[Data excerpts]
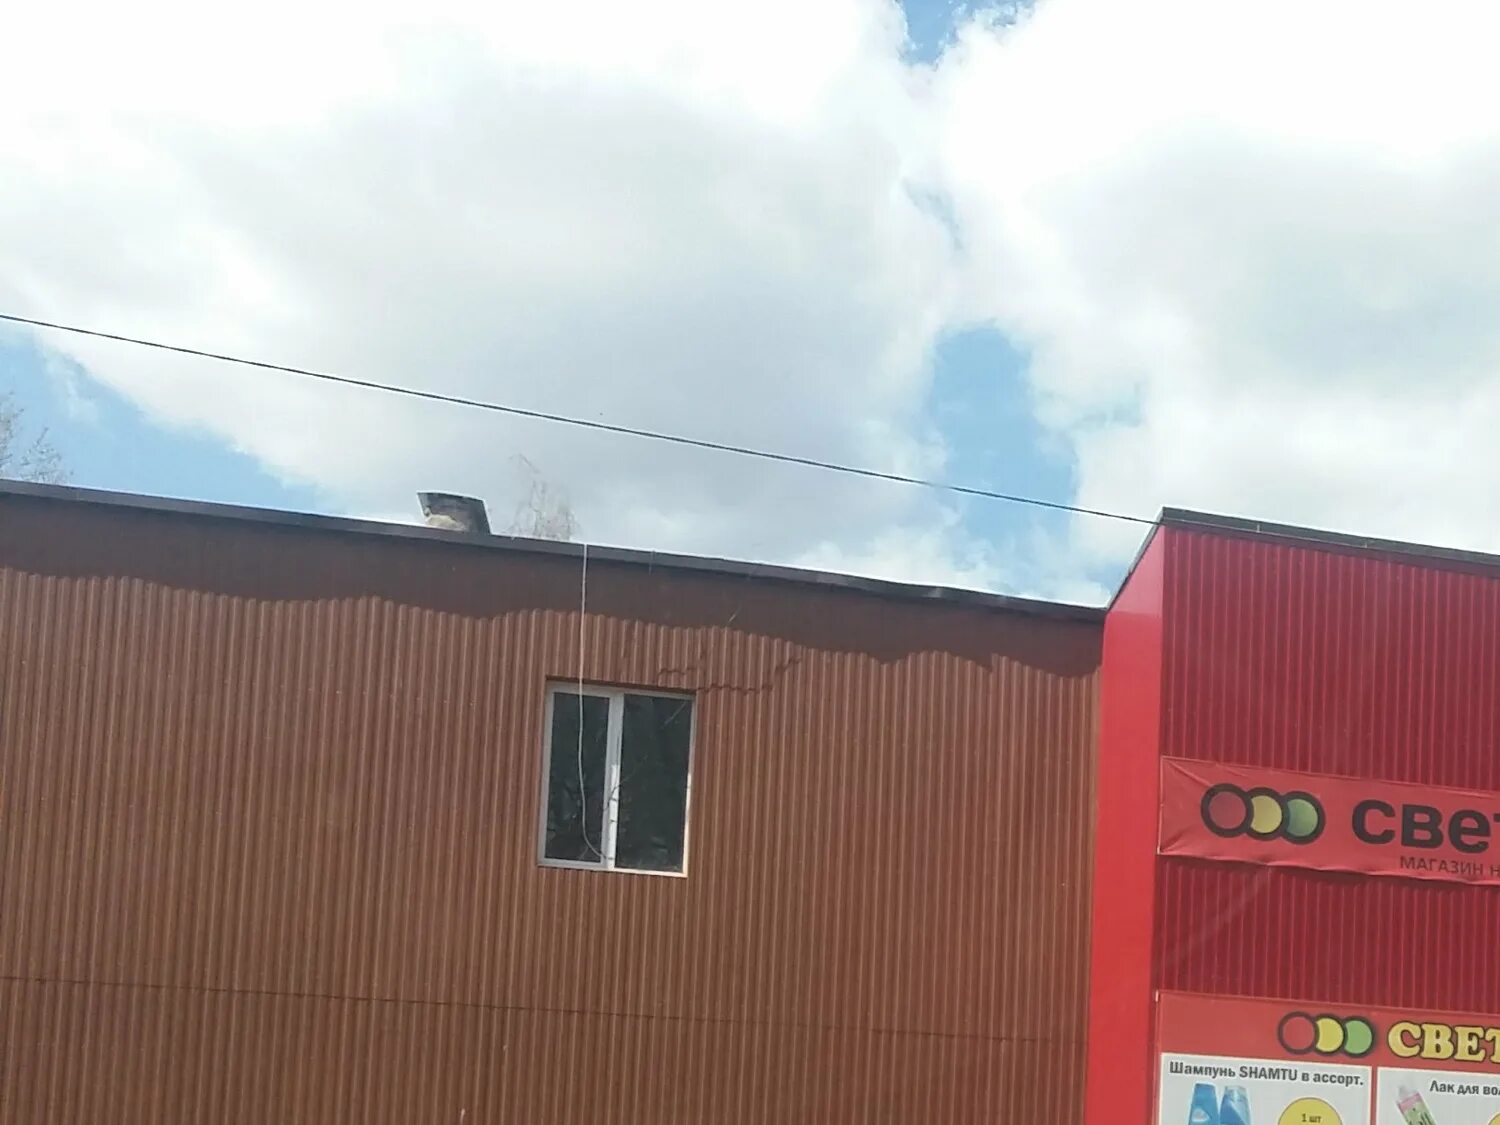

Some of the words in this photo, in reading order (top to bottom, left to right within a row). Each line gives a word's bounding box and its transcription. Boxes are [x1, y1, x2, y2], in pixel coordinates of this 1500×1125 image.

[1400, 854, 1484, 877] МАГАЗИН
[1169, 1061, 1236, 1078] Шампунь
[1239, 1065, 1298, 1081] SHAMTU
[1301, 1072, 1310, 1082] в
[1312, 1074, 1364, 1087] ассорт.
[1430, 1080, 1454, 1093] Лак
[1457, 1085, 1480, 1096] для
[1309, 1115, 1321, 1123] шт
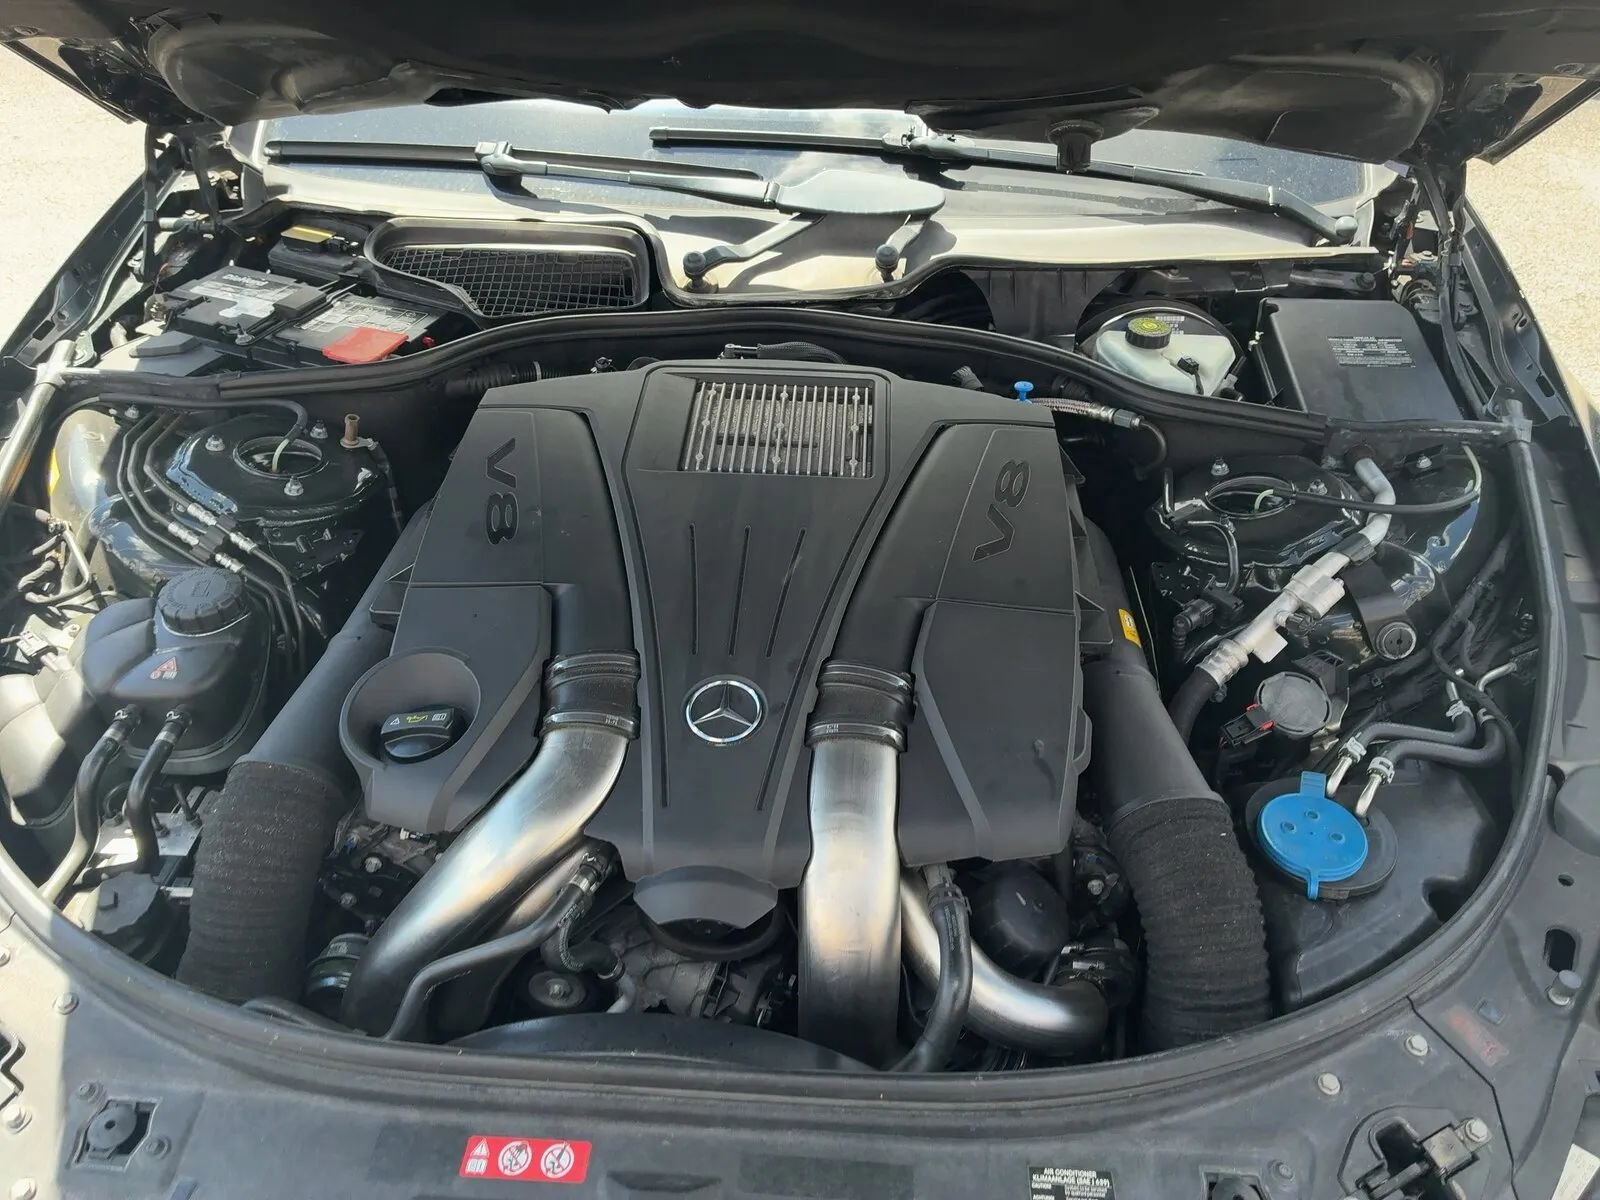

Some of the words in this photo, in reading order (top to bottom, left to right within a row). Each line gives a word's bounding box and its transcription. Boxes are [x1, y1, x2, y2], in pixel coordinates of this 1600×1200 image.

What you should do
Keeping the pictures out, print the entries above exactly as written.

Reply
Some of the words in this photo, in reading order (top to bottom, left to right within a row). Each line gives a word's bounding box and its transcription. Boxes are [x1, y1, x2, y2], in pixel coordinates of this 1500×1125 image.

[1400, 854, 1484, 877] МАГАЗИН
[1169, 1061, 1236, 1078] Шампунь
[1239, 1065, 1298, 1081] SHAMTU
[1301, 1072, 1310, 1082] в
[1312, 1074, 1364, 1087] ассорт.
[1430, 1080, 1454, 1093] Лак
[1457, 1085, 1480, 1096] для
[1309, 1115, 1321, 1123] шт

Some of the words in this photo, in reading order (top to bottom, left to right within a row). Each line gives a word's bounding box and its transcription. Boxes are [x1, y1, x2, y2], in pixel coordinates of this 1600×1200 image.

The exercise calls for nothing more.